In a rat skeletal muscle cell line, we observed a significant decrease in the expression of hexokinase 2 in KLF7-overexpressing cells. It has been reported that expression and activity of hexokinase in the skeletal muscle were reduced in patients with type 2 diabetes compared with control subjects (24). Therefore, the KLF7-induced reduction of the hexokinase gene expression in skeletal muscle cells may also contribute to the impaired response to insulin.

Finally, we observed a significant decrease in the expression of GLUT2 in KLF7-overexpressing hepatocytes compared with control cells. Because it has been reported that glucose uptake was almost completely suppressed in hepatocytes of GLUT2-null mice (25), KLF7 may also participate in the impaired glucose uptake in hepatocytes through the reduction of GLUT2 expression.

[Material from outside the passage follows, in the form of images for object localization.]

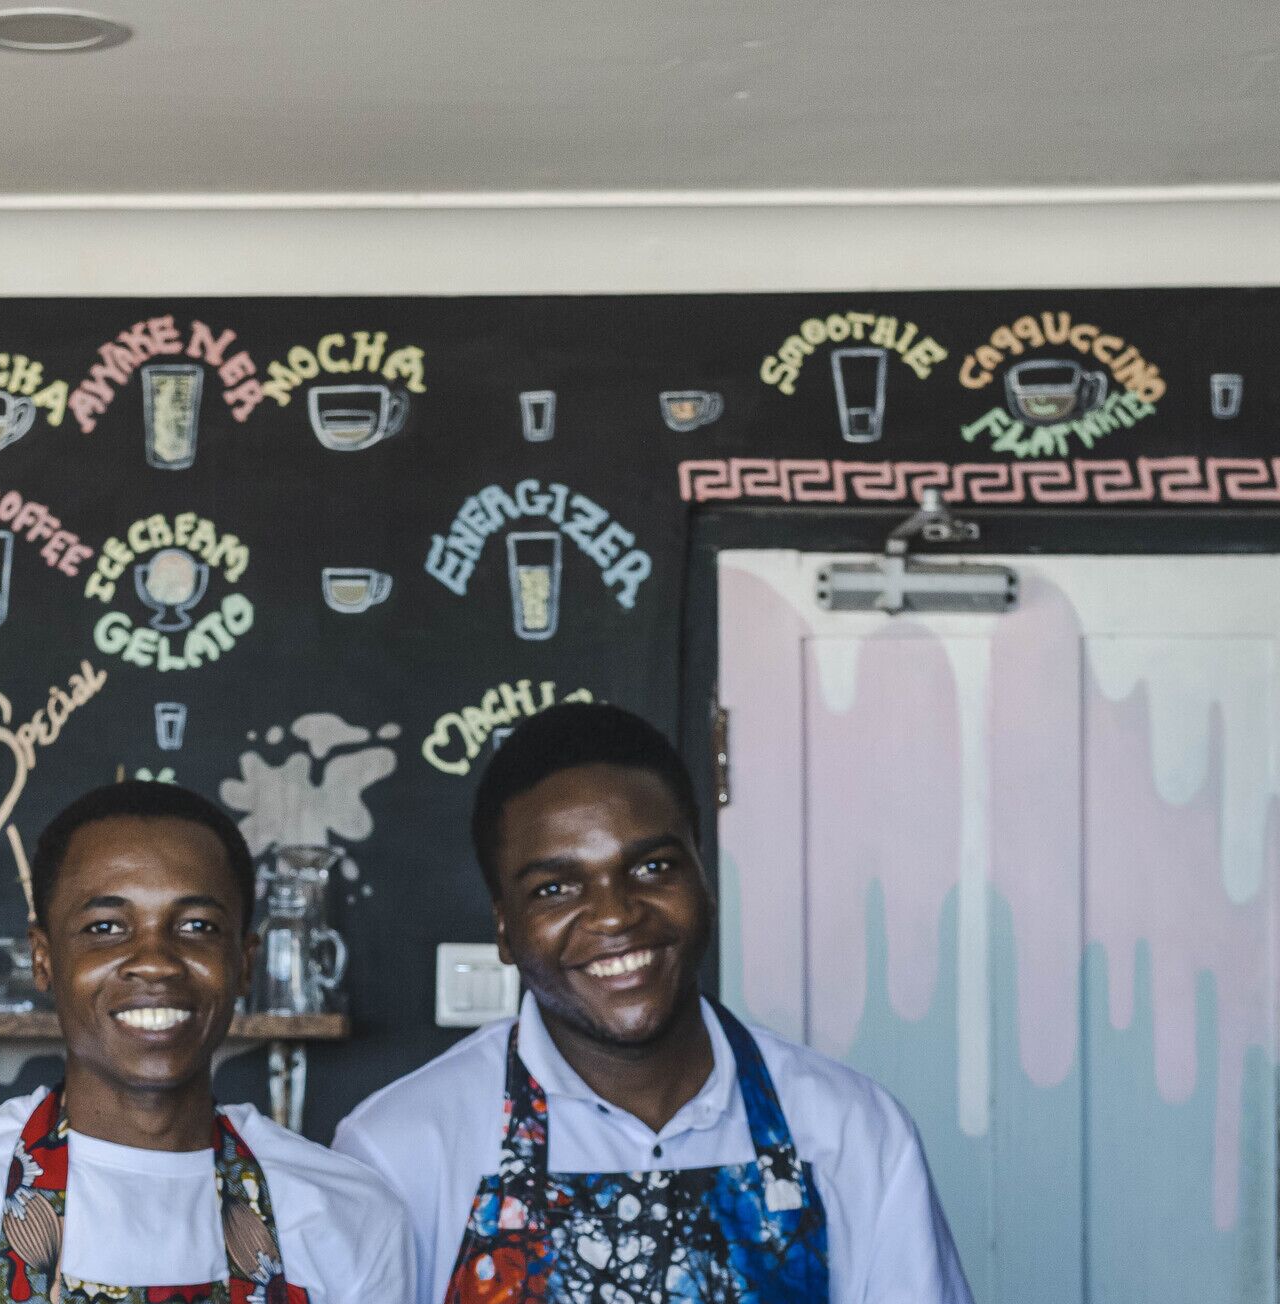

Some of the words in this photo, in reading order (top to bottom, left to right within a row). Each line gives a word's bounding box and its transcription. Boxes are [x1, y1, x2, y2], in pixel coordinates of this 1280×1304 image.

[67, 314, 265, 434] AWAKENER
[262, 331, 427, 406] MOCHA
[760, 311, 949, 395] SMOOTHIE
[960, 407, 1072, 459] FLAT
[84, 534, 129, 603] ICE
[127, 511, 250, 584] CREAM
[425, 478, 652, 609] ENERGIZER
[93, 591, 255, 672] GELATO
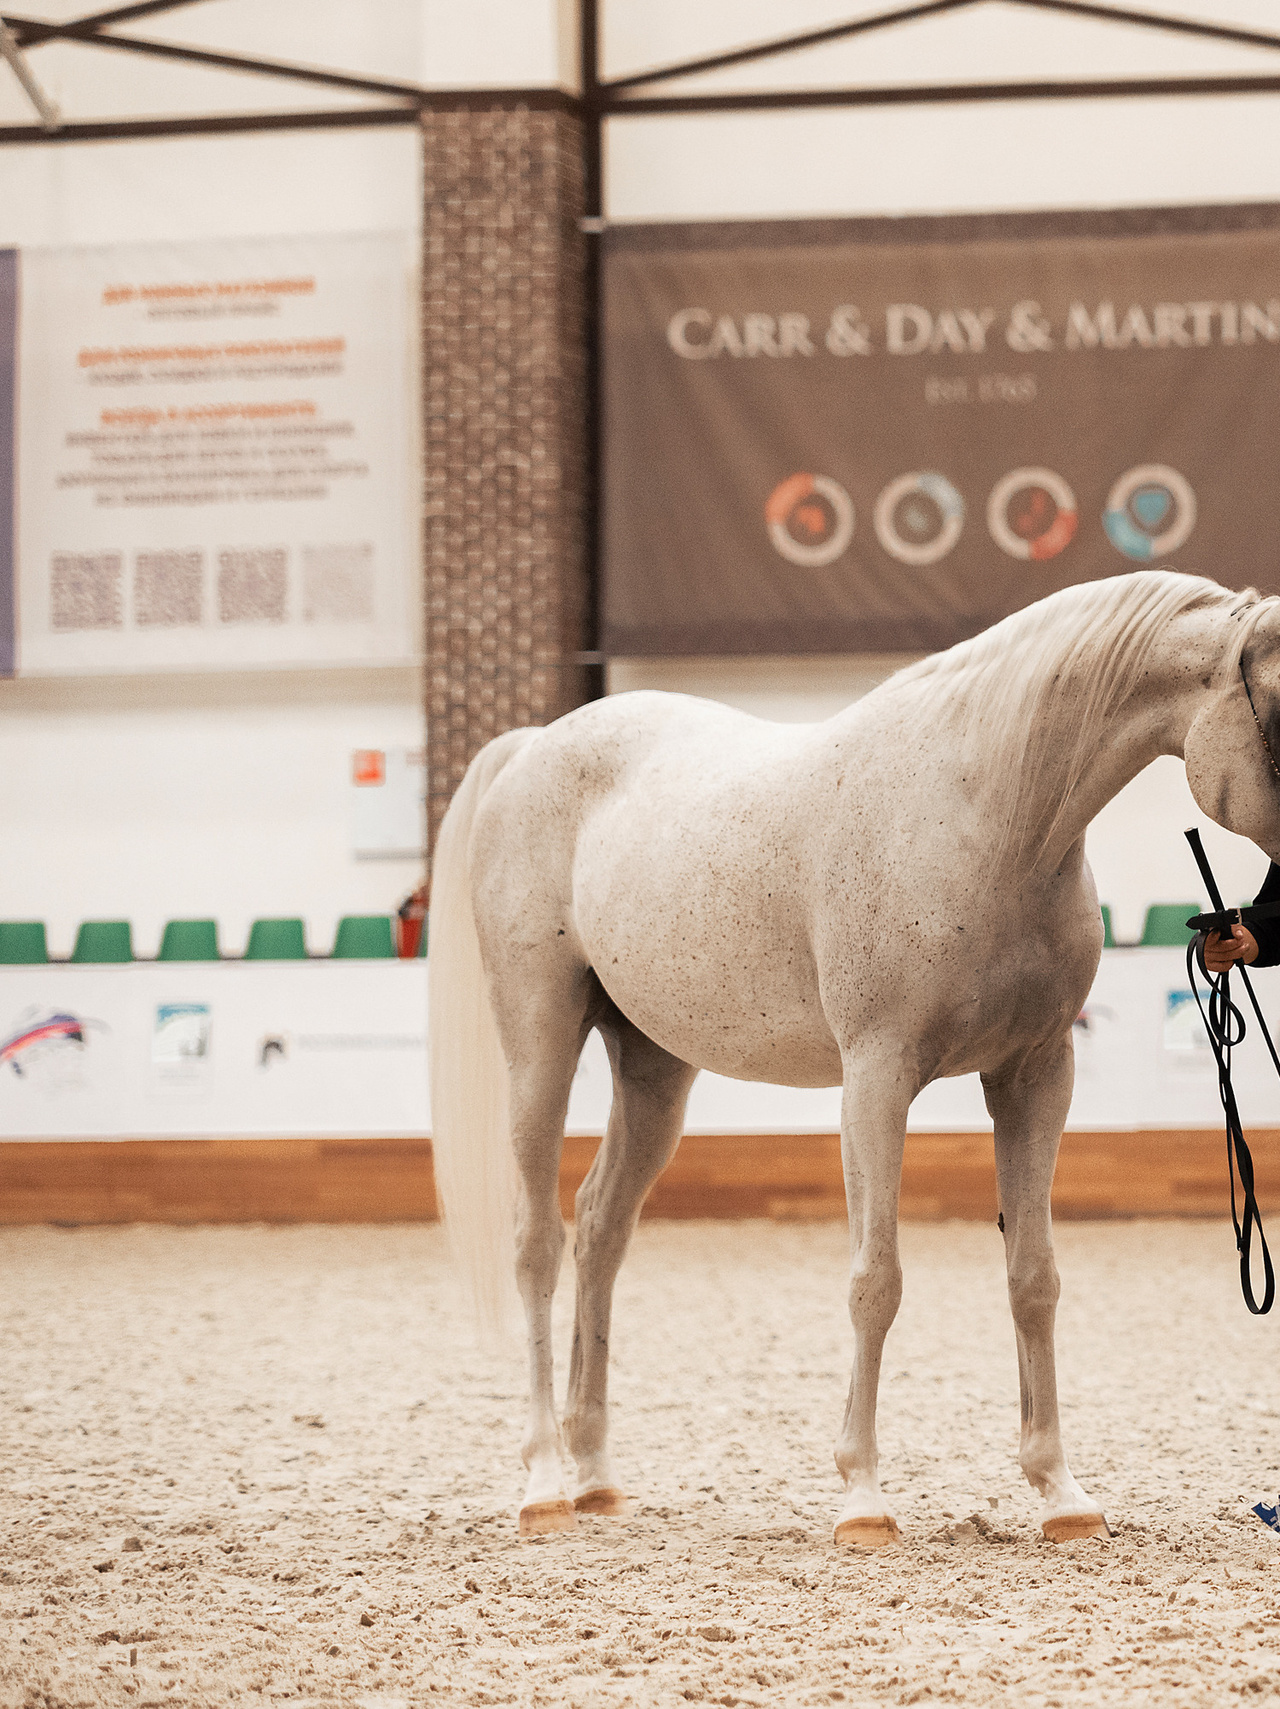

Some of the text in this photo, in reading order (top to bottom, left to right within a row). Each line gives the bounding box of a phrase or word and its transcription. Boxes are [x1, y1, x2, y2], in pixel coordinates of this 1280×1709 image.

[667, 305, 814, 360] CARR
[826, 304, 871, 357] &
[886, 303, 995, 356] DAY
[1006, 301, 1053, 354] &

From these results, it is suggested that KLF7, which has been shown to be a new candidate gene for type 2 diabetes, plays an important role in the onset and the progression of type 2 diabetes through multiple mechanisms, including an impairment of insulin biosynthesis and secretion in pancreatic ß-cells, a dysregulation of adipocytokine gene expression in adipose, a suppression of hexokinase 2 gene expression in skeletal muscle, and a suppression of GLUT2 gene expression in hepatocyte. Therefore, the inhibition of KLF7 expression and/or activity may be a target for a new therapeutic and/or preventative approach for treating type 2 diabetes, although the elucidation of the precise mechanism requires further study.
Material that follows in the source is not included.